Yes, they cite quite a number of science journal articles and books. It should be easy to substantiate a claim that they twist these sources away from the original authors' intended sense. If they did, they would be doing "creation science" against creation science and the situation would have that parallelism so often claimed by creationists when denounced for their tacts. ("And EVOLUTIONISTS never do this. Oh, yeah!")
The problem thus far is that the claim of symmetry has been like Clinton calling Republicans "the free lunch crowd" when liberalism is the pandering-est political movement going. The real evidence is all evolution. The dirty scholarship is all creation science/ID.

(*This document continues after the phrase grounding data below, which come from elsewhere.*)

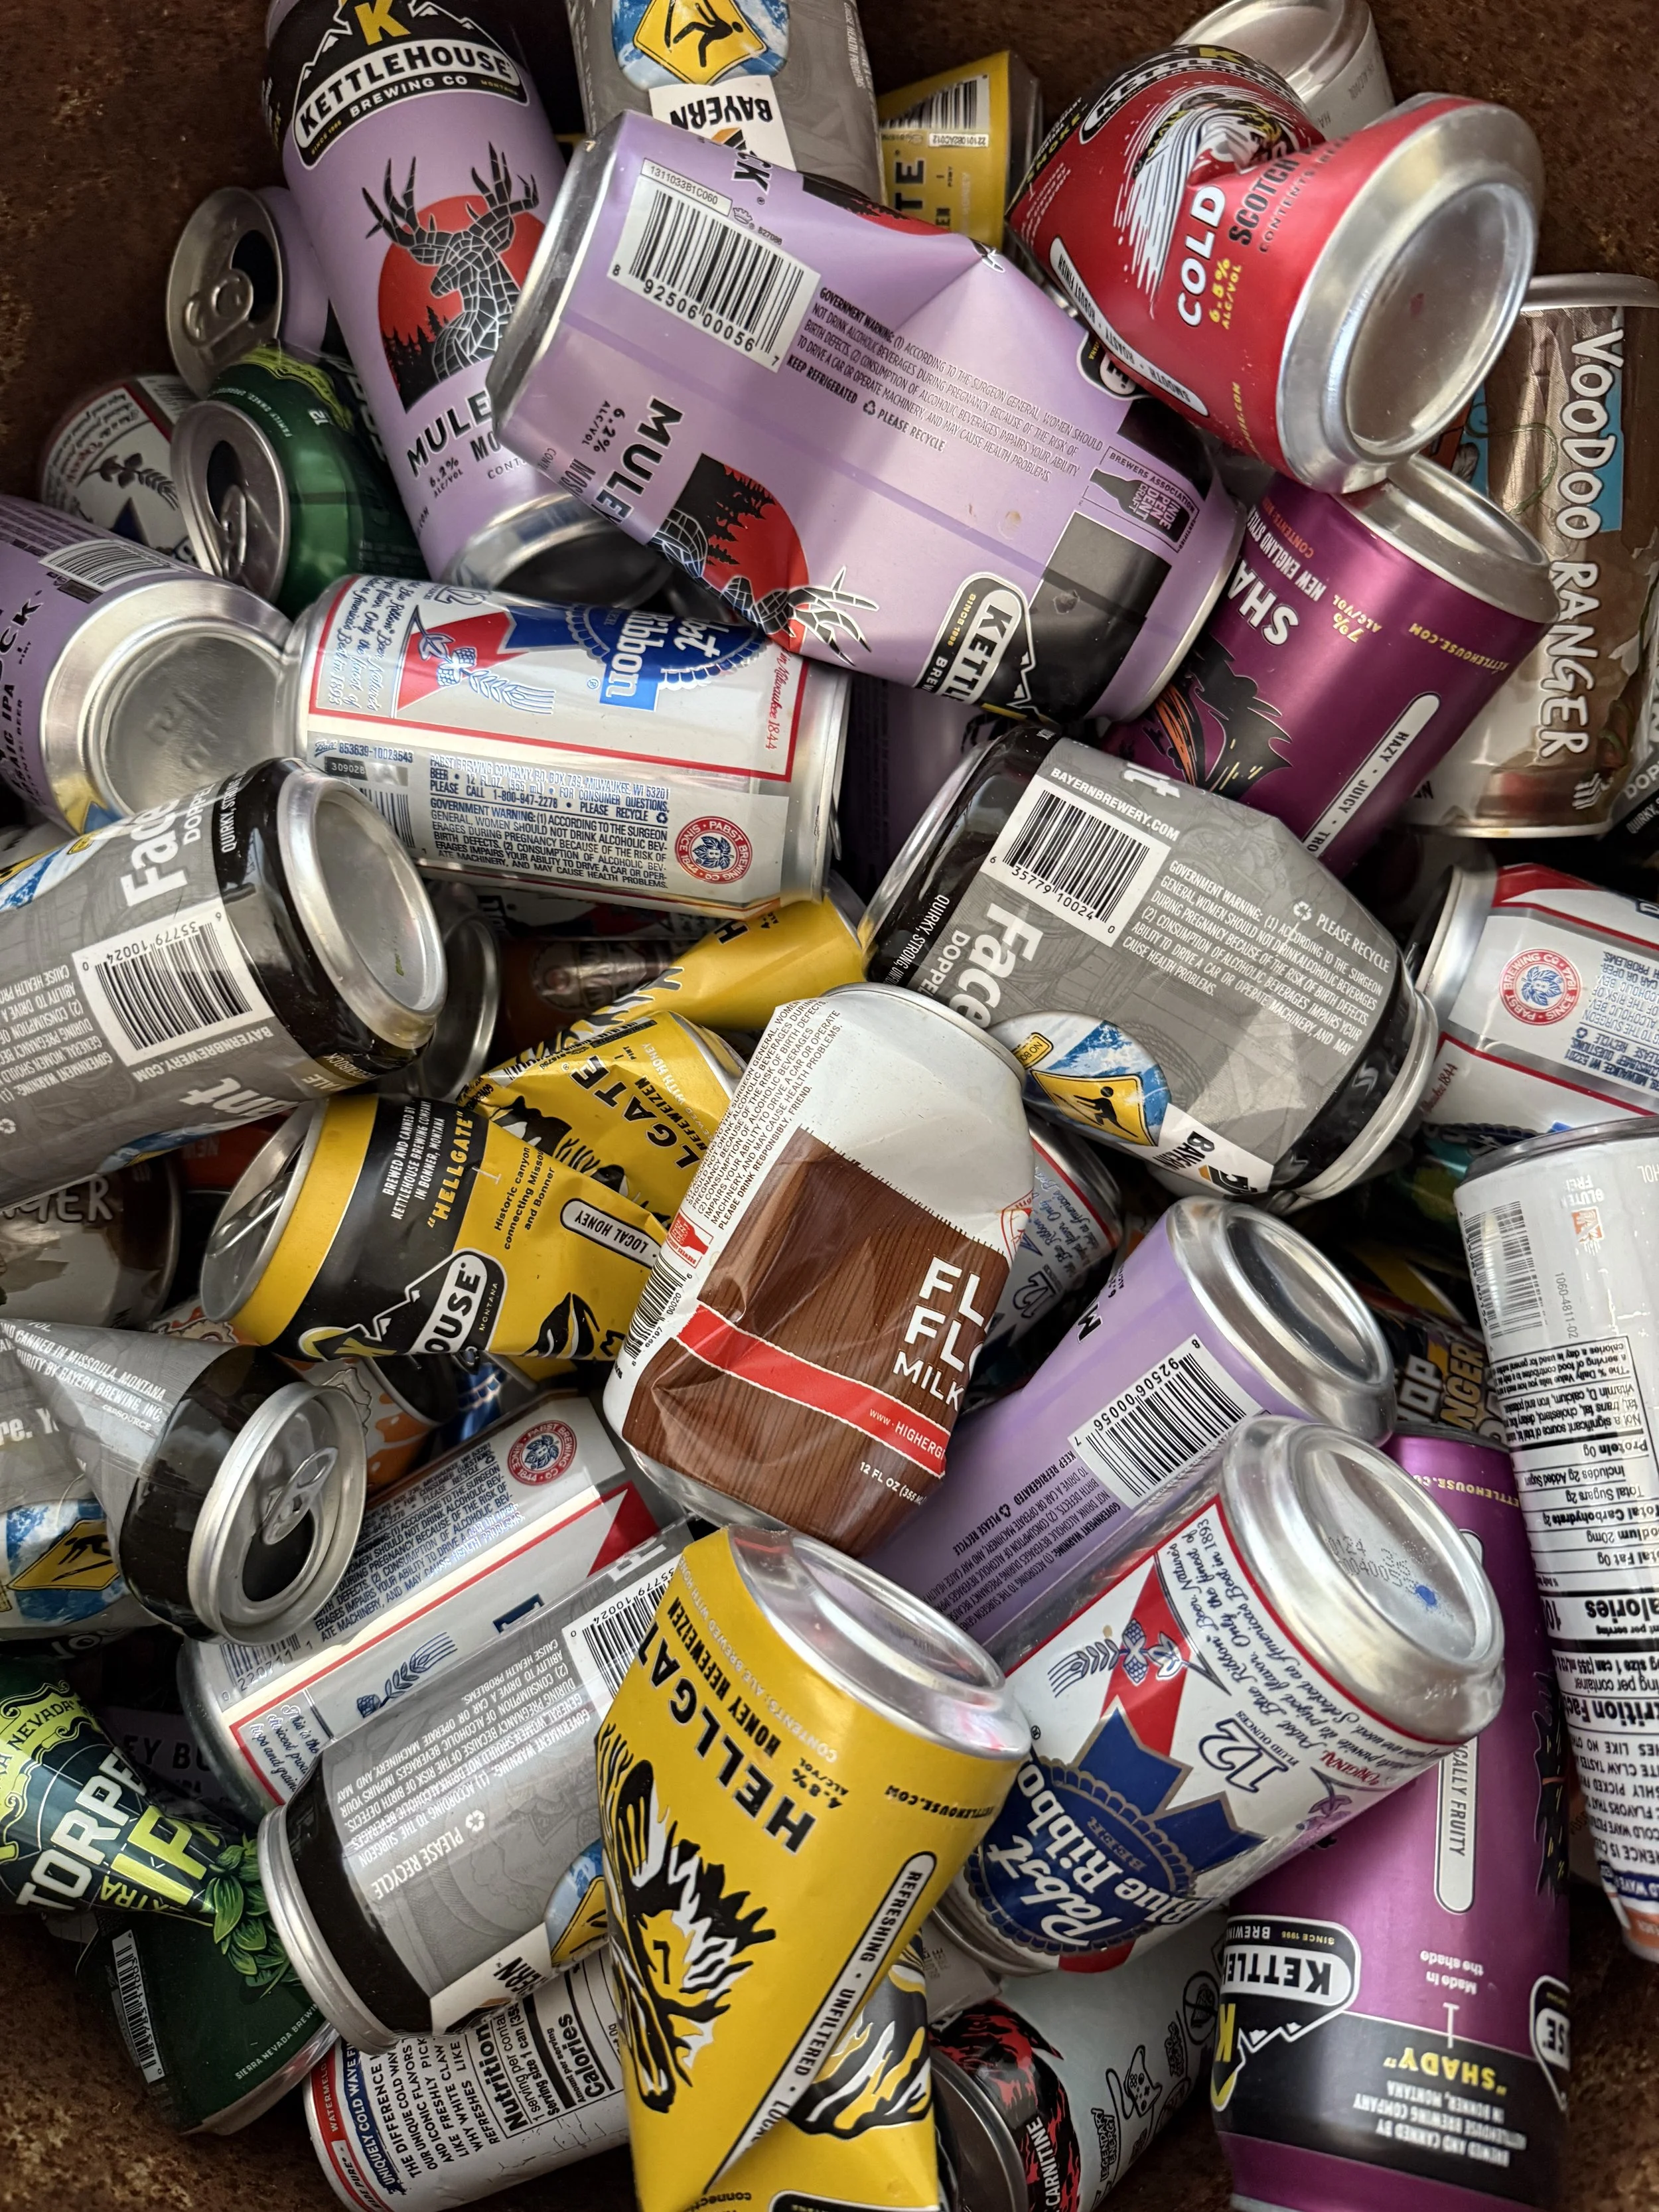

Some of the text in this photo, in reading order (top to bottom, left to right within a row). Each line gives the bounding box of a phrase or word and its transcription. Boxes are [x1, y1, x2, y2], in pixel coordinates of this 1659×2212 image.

[299, 42, 516, 135] KETTLEHOUSE
[348, 74, 469, 117] BREWING CO
[670, 95, 774, 131] BAYERN
[1226, 155, 1301, 246] SCOTCH
[1172, 181, 1231, 328] COLD
[643, 279, 756, 354] 92506 00056
[1205, 256, 1232, 324] 6.5%
[1220, 263, 1243, 329] ALC/VOL
[581, 400, 611, 447] ALC/VOL
[591, 406, 626, 455] 6.2%
[876, 408, 910, 434] PLEASE
[908, 425, 946, 453] RECYCLE
[1108, 452, 1149, 479] BREWERS
[1133, 486, 1161, 520] DENT
[1149, 494, 1171, 520] PEN
[1257, 530, 1327, 602] NEW ENGLAND
[1536, 330, 1626, 760] VOODOO RANGER
[1328, 610, 1364, 644] 7%
[1329, 593, 1382, 636] ALC/VOL
[492, 788, 558, 808] 1-800-947-2278
[1337, 729, 1409, 814] HAZY JUICY
[429, 797, 668, 841] GOVERNMENT WARNING: (1) ACCORDING TO THE SURGEON
[1050, 767, 1180, 842] BAYERNBREWERY.COM
[1011, 866, 1095, 922] 35779 10024
[1168, 858, 1265, 922] GOVERNMENT WARNING:
[104, 920, 199, 966] 35779 10024
[893, 893, 950, 970] QUIRKY, STRONG,
[1314, 913, 1394, 974] PLEASE RECYCLE
[945, 903, 1045, 1030] Face
[131, 1024, 273, 1083] BAYERNBREWERY.COM
[381, 1104, 415, 1196] BREWED AND CANNED BY
[390, 1159, 421, 1220] KETTLEHOUSE
[409, 1124, 429, 1160] BREWING
[413, 1116, 445, 1200] IN BONNER, MONTANA
[715, 1083, 813, 1230] PLEASE DRINK RESPONSIBLY, FRIEND.
[492, 1145, 533, 1231] Historic canyon
[501, 1186, 534, 1250] connecting
[523, 1166, 558, 1230] and Bonner
[573, 1209, 648, 1254] LOCAL HONEY
[666, 1291, 682, 1316] 00020
[13, 1330, 54, 1355] CANNED
[117, 1371, 167, 1402] MONTANA
[57, 1366, 144, 1414] BAYERN BREWING,
[889, 1349, 969, 1412] MILK
[1091, 1355, 1180, 1432] 92506 00056
[857, 1460, 901, 1492] 12 FL OZ
[1582, 1438, 1648, 1457] Protein 0g
[950, 1449, 1077, 1556] KEEP REFRIGERATED PLEASE RECYCLE
[1578, 1484, 1643, 1502] Total Sugars
[1194, 1516, 1220, 1552] 1893
[1217, 1607, 1255, 1651] Only
[664, 1595, 785, 1758] HONEY HEFEWEIZEN
[7, 1698, 74, 1749] NEVADA
[639, 1619, 818, 1856] HELLGAT
[1235, 1708, 1299, 1768] FLUID OUNCES
[796, 1755, 850, 1797] ALC/VOL
[1190, 1712, 1289, 1803] 12
[786, 1765, 843, 1814] 4.8%
[368, 1824, 466, 1900] PLEASE RECYCLE
[1447, 1803, 1469, 1858] FRUITY
[982, 1831, 1121, 1945] Pabst
[1113, 1875, 1208, 1924] Blue
[793, 1868, 923, 2079] REFRESHING UNFILTERED
[1418, 1949, 1485, 1976] the shade
[1439, 1973, 1479, 1995] Made
[234, 2029, 293, 2081] SIERRA NEVADA
[467, 2022, 529, 2132] Nutrition
[553, 2012, 607, 2099] Calories
[368, 2062, 423, 2179] THE DIFFERENCE
[399, 2043, 441, 2142] ICONIC FLAVORS
[424, 2073, 455, 2130] FRESHLY
[433, 2043, 484, 2152] WHY WHITE CLAW
[461, 2079, 500, 2145] REFRESHES
[350, 2097, 396, 2185] UNIQUELY COLD
[402, 2108, 427, 2150] UNIQUE

Anyway, I'm sure you'd like to put some flesh on this claim by showing the discrepancies between the T.O. citations and the original works.
Or even their tactics.
It's not so much what is discrepant (although if I have some time I'll look into this as well); it's what contributors like Theobold chose *not* to include that tell the story (like omitting the problems with molecular phylogenies). Here's a good discussion at ARN that you might find interesting:
The last post by MG sums it up nicely. Also, this site: http://www.trueorigins.org/ is full of articles exposing talkorigins' bias, inconsistencies, and errors.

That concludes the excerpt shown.